Una condizione al momento molto lontana dalla realtà. Soprattutto con il livello attualmente raggiunto dalla crisi in Ucraina, un allontanamento degli ordigni nucleari Usa dall’Europa appare eventualità molto remota. Anzi, nei giorni scorsi la Polonia si è candidata ad ospitare armi atomiche di Washington. E altri Paesi dell’est potrebbero seguire questa strada.

La situazione in Ucraina

Ovviamente una parte del discorso di Lavrov è stata dedicata alla guerra contro Kiev. Secondo il ministro degli Esteri russo, a proposito del discorso riguardante il nucleare, risultano “irresponsabili” le dichiarazioni del presidente ucraino Volodymyr Zelensky sul possibile dispiegamento di ordigni nucleari in Ucraina: “Oggi, il pericolo rappresentato dal regime di Zelensky per i Paesi vicini e la sicurezza internazionale in quanto tale – ha dichiarato Lavrov – è palpabilmente cresciuto dopo che le autorità di Kiev hanno iniziato a giocare un gioco pericoloso e a pianificare l’acquisizione di armi nucleari.
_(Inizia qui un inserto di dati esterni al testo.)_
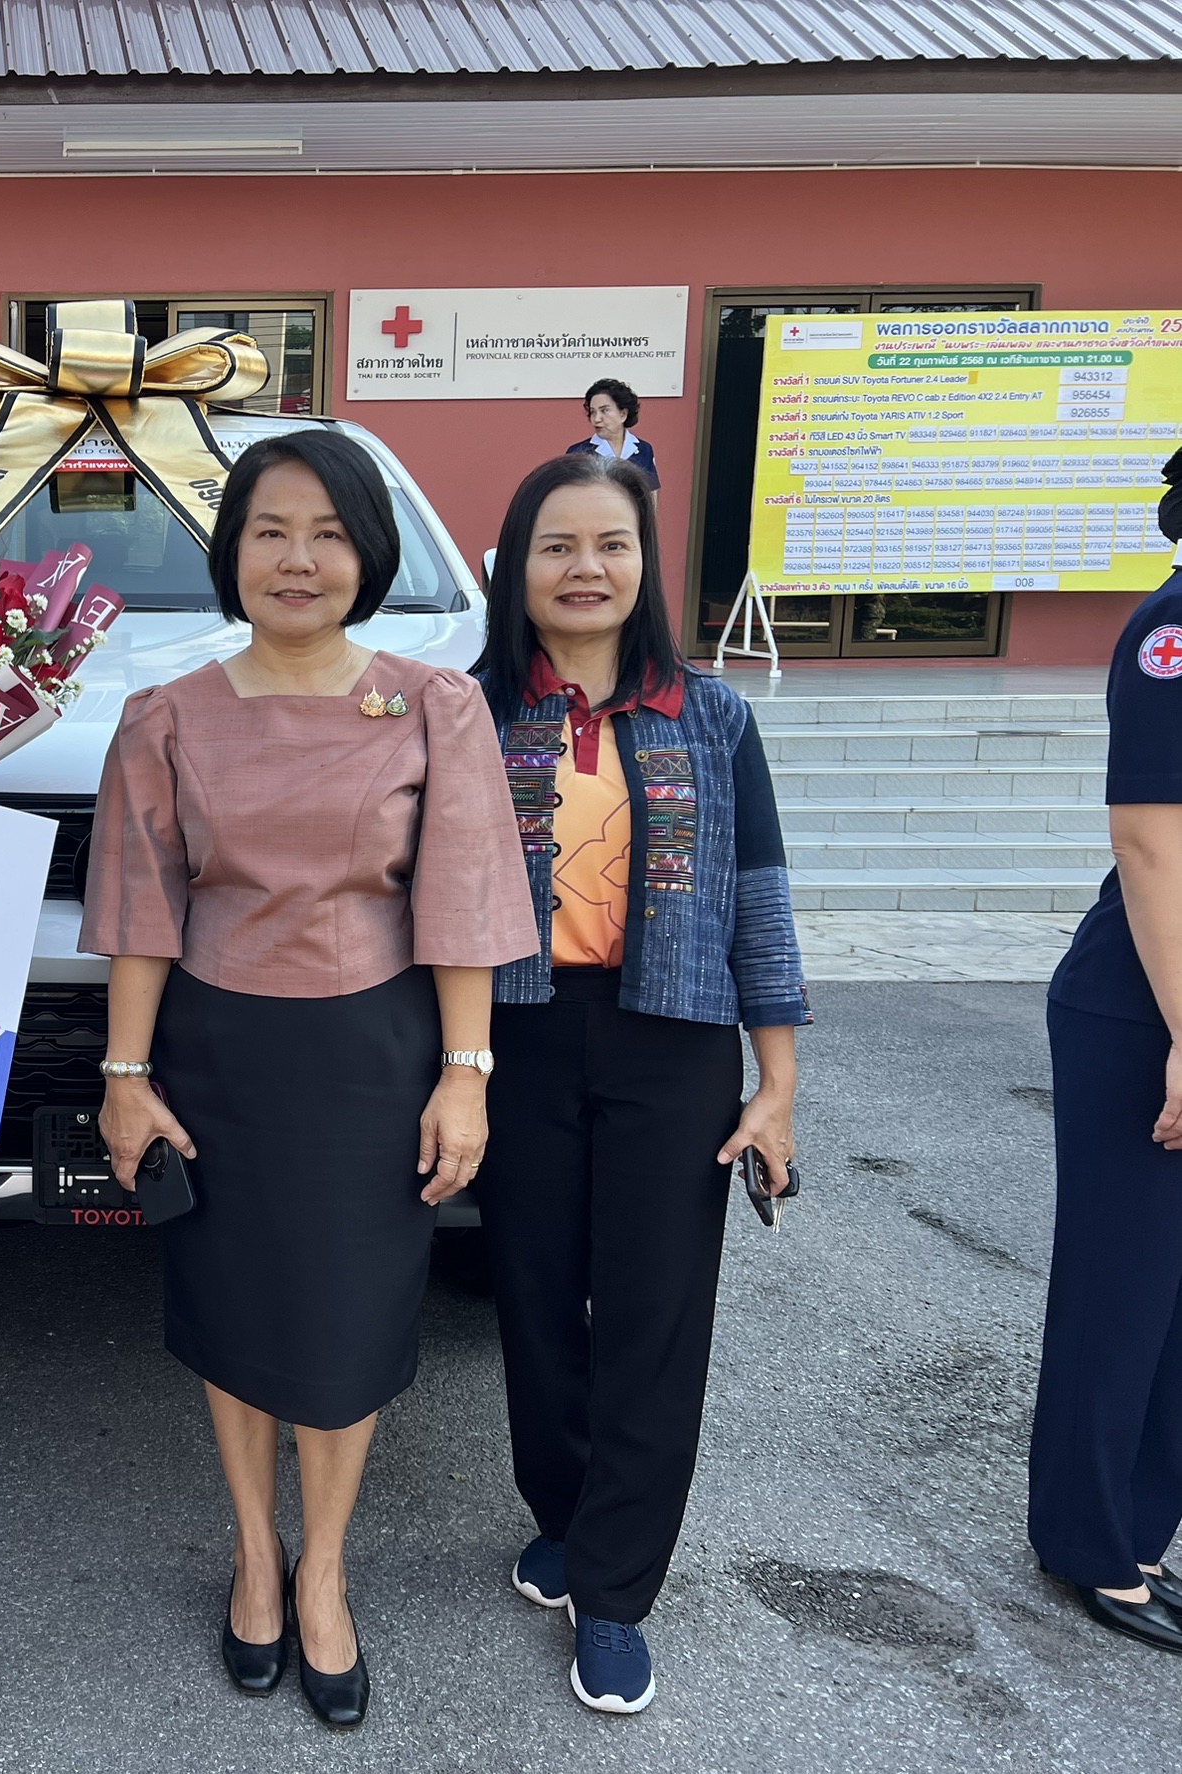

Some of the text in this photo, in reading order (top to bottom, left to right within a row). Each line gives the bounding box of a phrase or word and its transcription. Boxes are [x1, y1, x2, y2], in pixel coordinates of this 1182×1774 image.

Dichiarazioni così irresponsabili non sono mera spavalderia. L’Ucraina possiede tecnologie nucleari sovietiche e mezzi di utilizzo per tali armi. Non possiamo ignorare questo pericolo reale”.

Frasi che certificano una certa distanza importante tra il governo russo e quello ucraino. Non è un caso che nelle scorse ore da Mosca alcuni funzionari diplomatici abbiano commentato il confronto di ieri tenuto in Bielorussia, sottolineando che “al momento è ancora presto” per vedere risultati significativi.